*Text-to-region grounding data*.
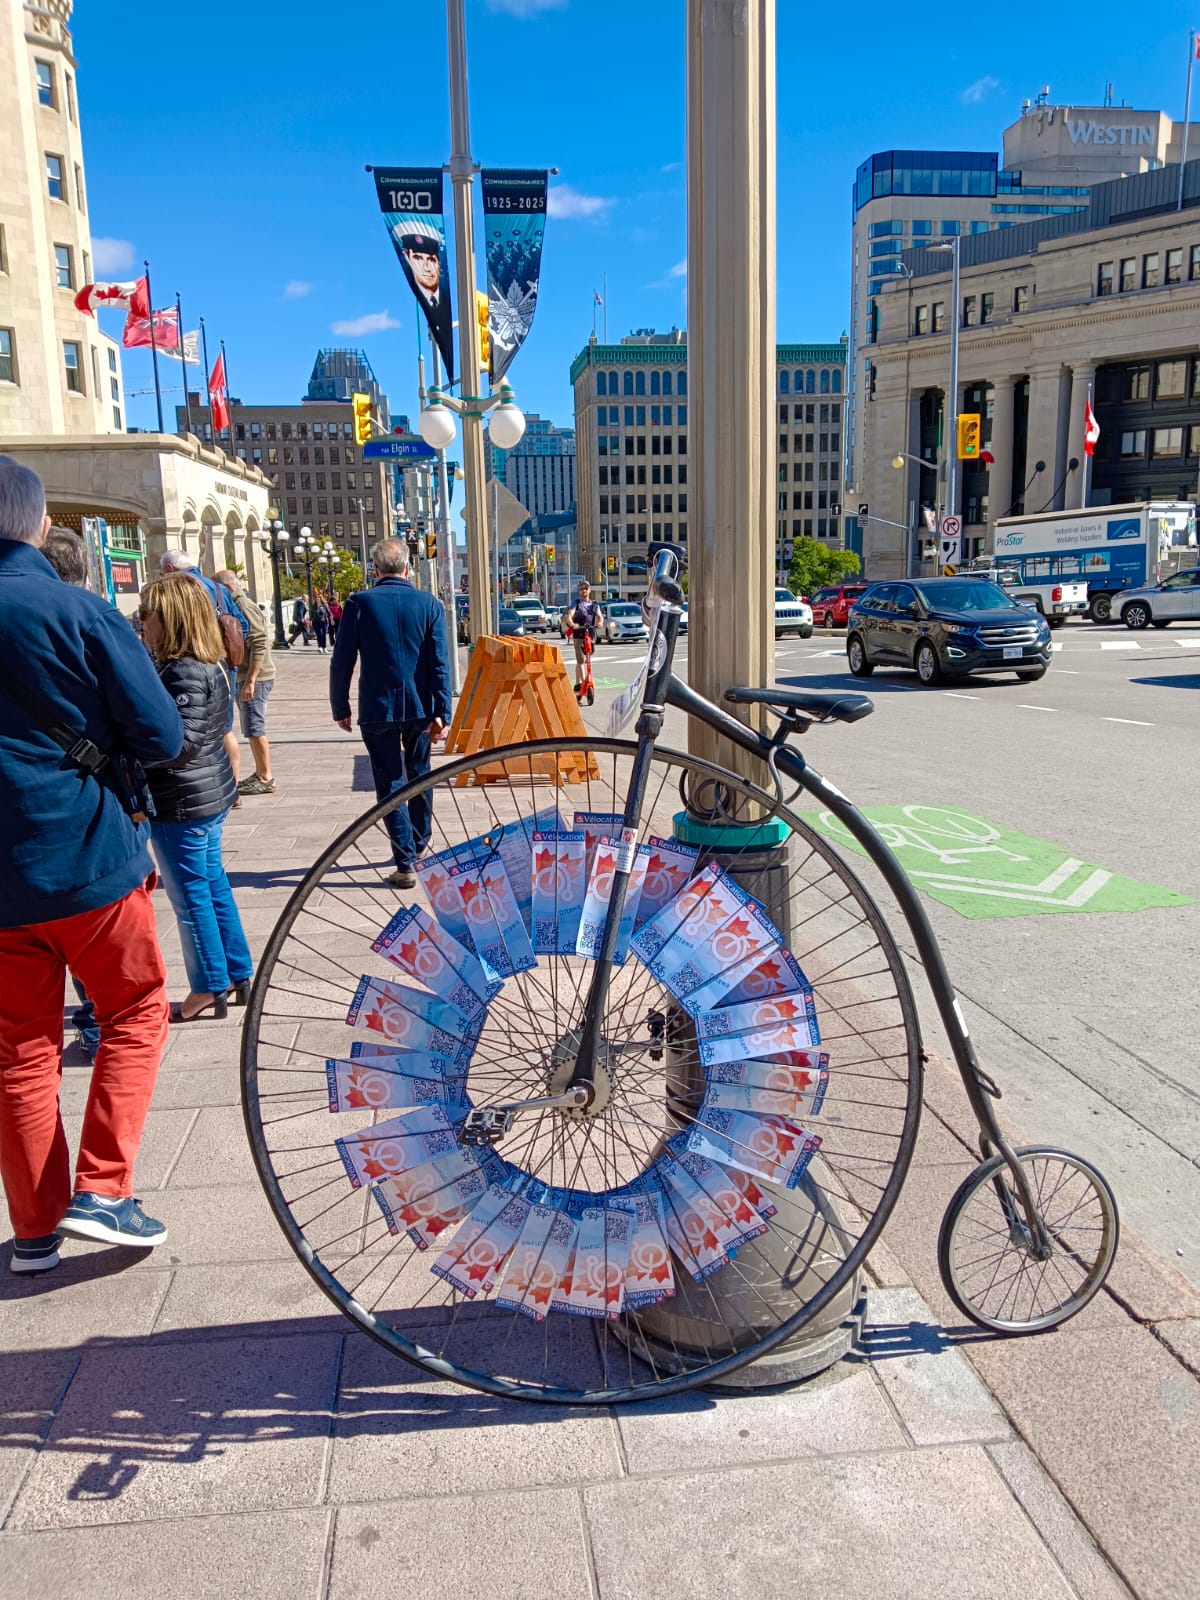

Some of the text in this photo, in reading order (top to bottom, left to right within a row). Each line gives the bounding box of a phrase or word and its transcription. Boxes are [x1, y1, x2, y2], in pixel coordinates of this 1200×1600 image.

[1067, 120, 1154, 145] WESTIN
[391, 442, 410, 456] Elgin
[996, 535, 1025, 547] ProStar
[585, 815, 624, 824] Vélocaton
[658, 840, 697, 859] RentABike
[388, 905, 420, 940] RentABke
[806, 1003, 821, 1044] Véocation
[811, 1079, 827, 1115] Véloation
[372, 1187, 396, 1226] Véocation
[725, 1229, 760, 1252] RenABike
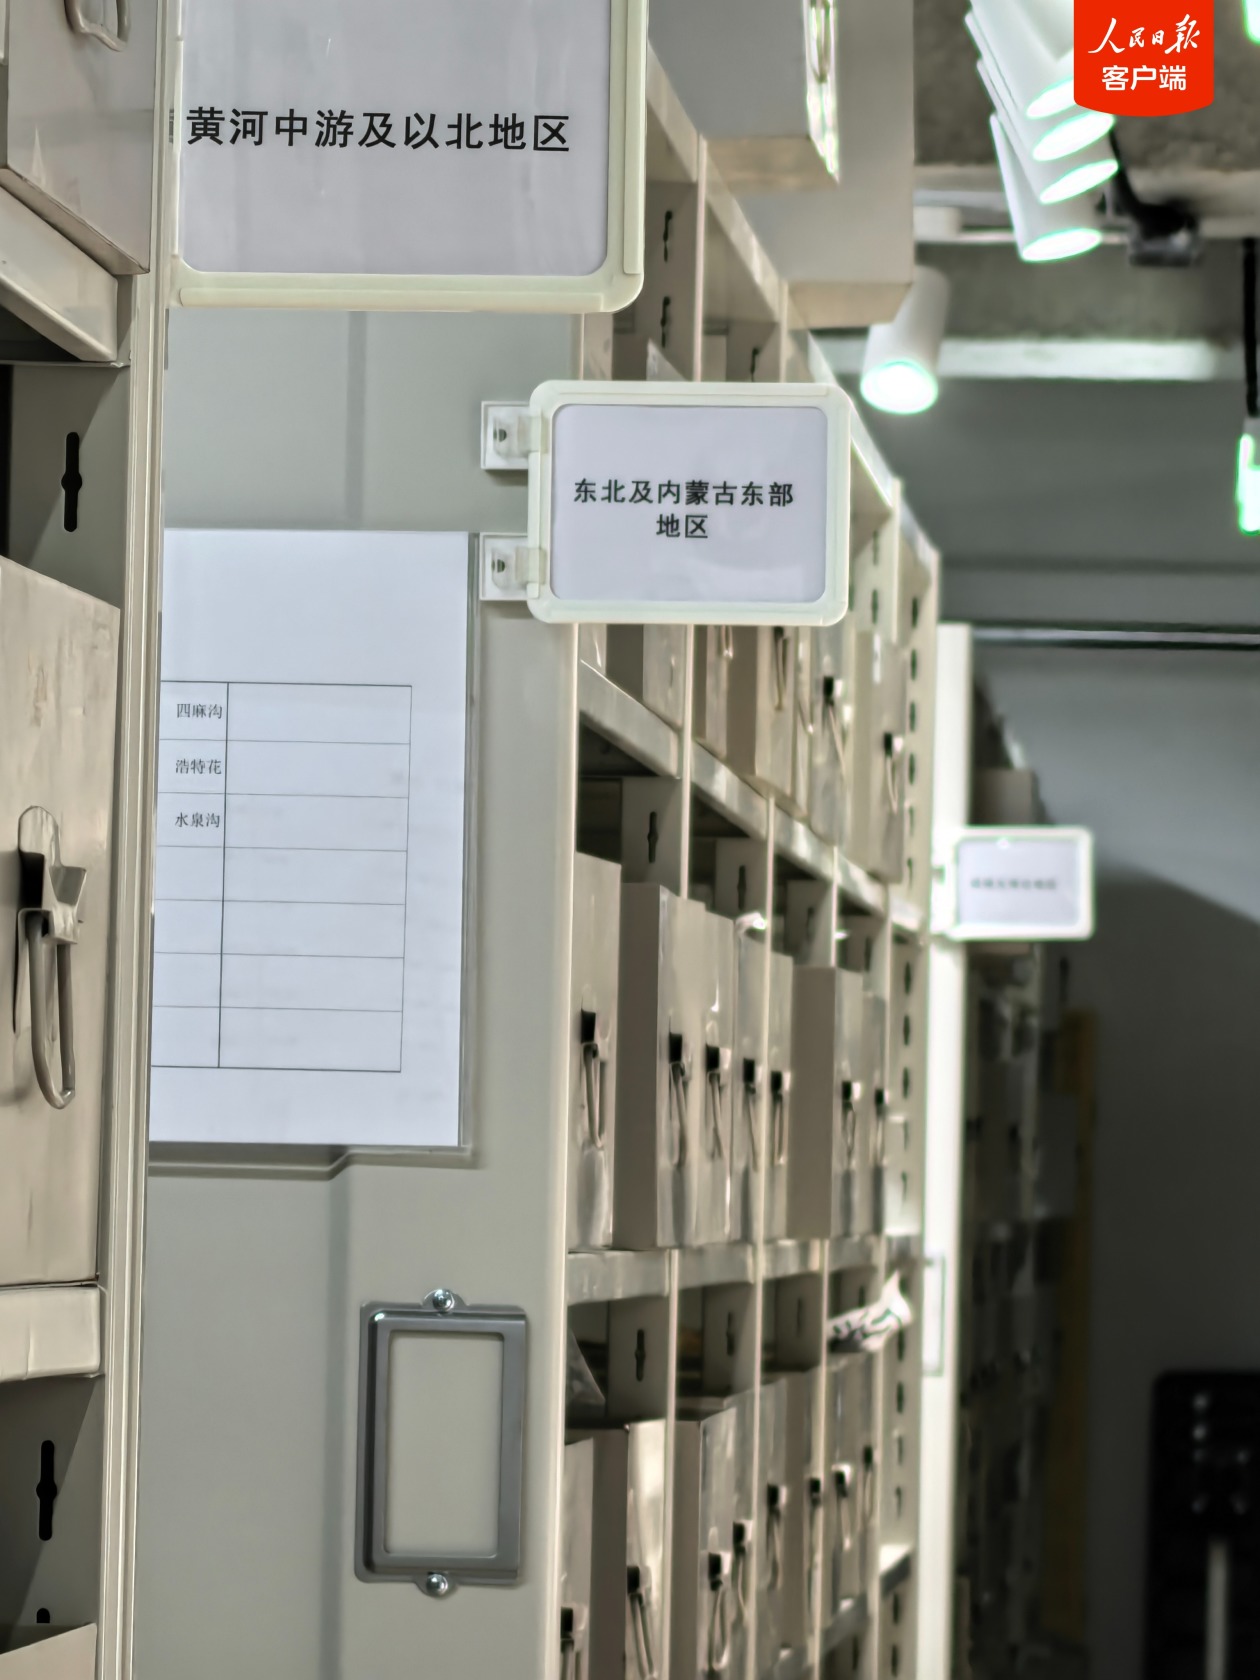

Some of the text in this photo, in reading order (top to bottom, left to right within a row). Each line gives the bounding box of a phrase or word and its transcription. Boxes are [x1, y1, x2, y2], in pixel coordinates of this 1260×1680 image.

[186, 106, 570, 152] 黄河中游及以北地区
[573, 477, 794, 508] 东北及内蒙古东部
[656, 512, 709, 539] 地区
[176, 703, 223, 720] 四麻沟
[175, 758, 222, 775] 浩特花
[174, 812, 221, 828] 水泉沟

*Brief*.
Every line from the one containing "this 1260×1680 image." through the final line of the data above is to be restated word for word, and nothing more.

*Written reply*.
Some of the text in this photo, in reading order (top to bottom, left to right within a row). Each line gives the bounding box of a phrase or word and its transcription. Boxes are [x1, y1, x2, y2], in pixel coordinates of this 1260×1680 image.

[186, 106, 570, 152] 黄河中游及以北地区
[573, 477, 794, 508] 东北及内蒙古东部
[656, 512, 709, 539] 地区
[176, 703, 223, 720] 四麻沟
[175, 758, 222, 775] 浩特花
[174, 812, 221, 828] 水泉沟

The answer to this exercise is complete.